## REQUIREMENT
The answer is to be the data that follows, transcribed exactly, minus its pictures.

Source data
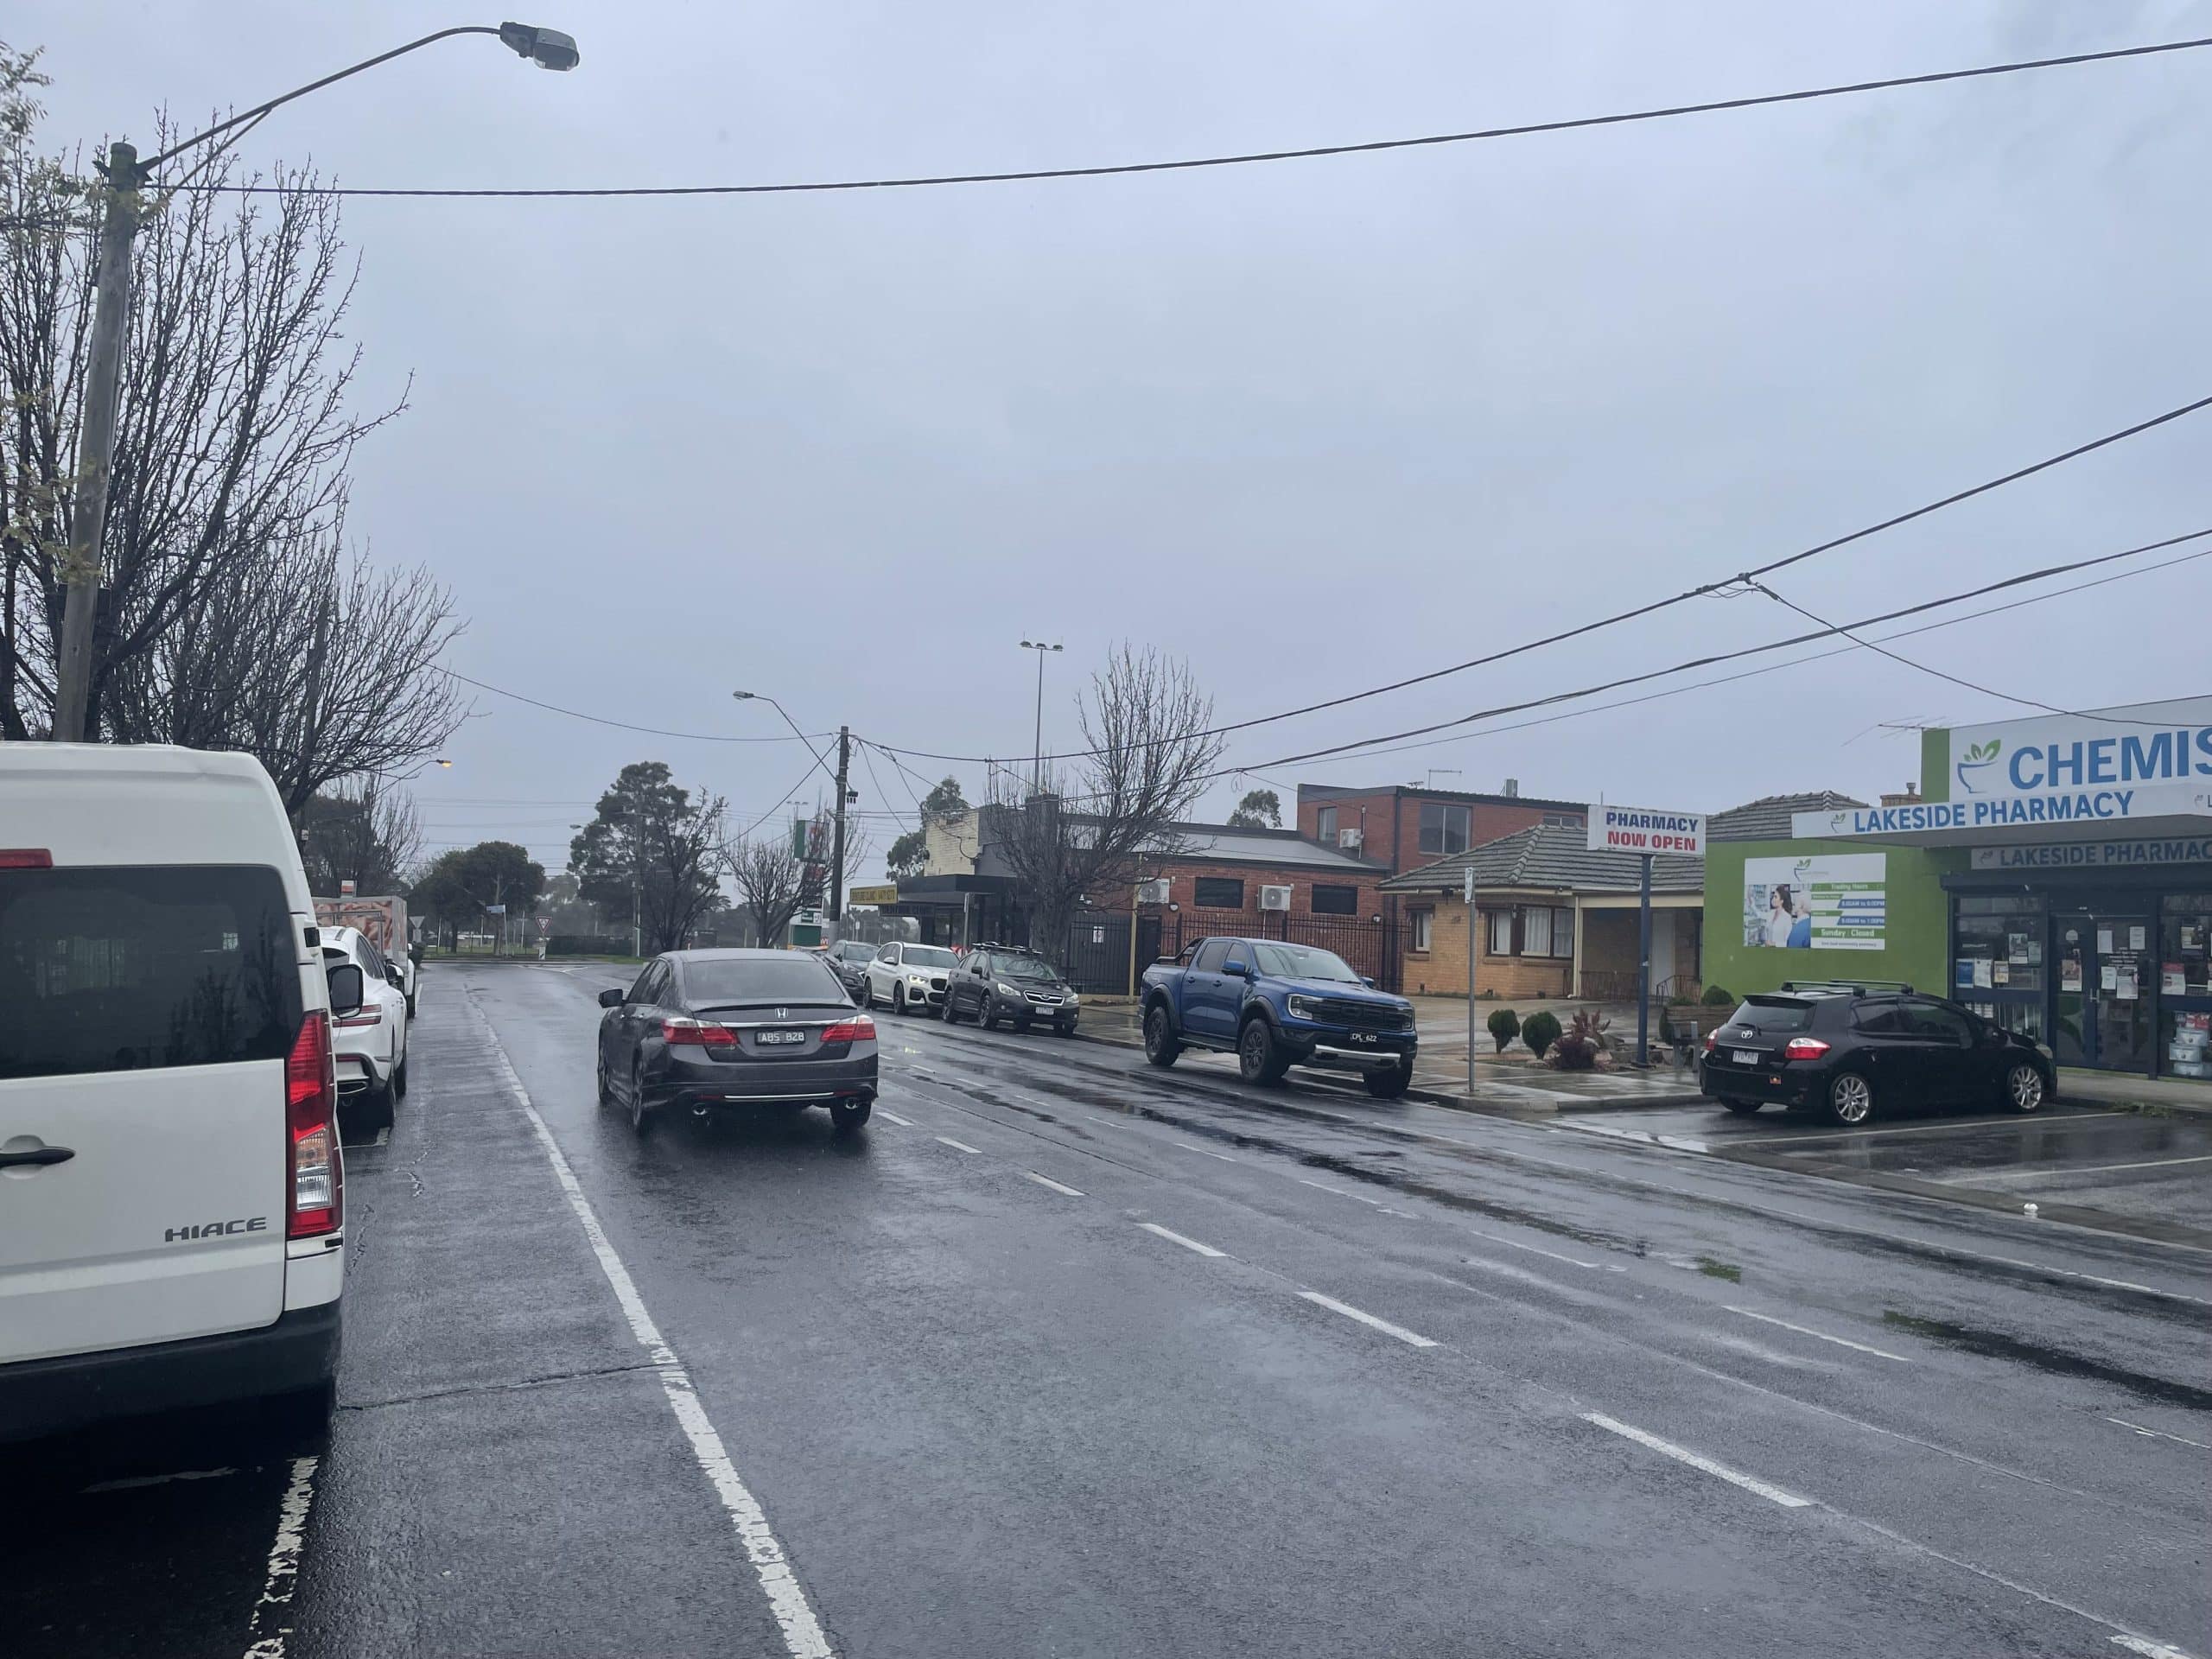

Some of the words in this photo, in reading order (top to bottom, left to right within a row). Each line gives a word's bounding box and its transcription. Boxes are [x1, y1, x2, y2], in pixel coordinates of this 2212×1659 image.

[1605, 811, 1699, 833] PHARMACY
[1854, 804, 1966, 833] LAKESIDE
[1974, 791, 2134, 824] PHARMACY
[1607, 831, 1647, 847] NOW
[1651, 835, 1697, 851] OPEN
[1999, 845, 2096, 867] LAKESIDE
[1821, 928, 1846, 938] Sunday
[165, 1216, 267, 1243] HIACE

## YOUR RESPONSE
Some of the words in this photo, in reading order (top to bottom, left to right within a row). Each line gives a word's bounding box and its transcription. Boxes are [x1, y1, x2, y2], in pixel coordinates of this 2212×1659 image.

[1605, 811, 1699, 833] PHARMACY
[1854, 804, 1966, 833] LAKESIDE
[1974, 791, 2134, 824] PHARMACY
[1607, 831, 1647, 847] NOW
[1651, 835, 1697, 851] OPEN
[1999, 845, 2096, 867] LAKESIDE
[1821, 928, 1846, 938] Sunday
[165, 1216, 267, 1243] HIACE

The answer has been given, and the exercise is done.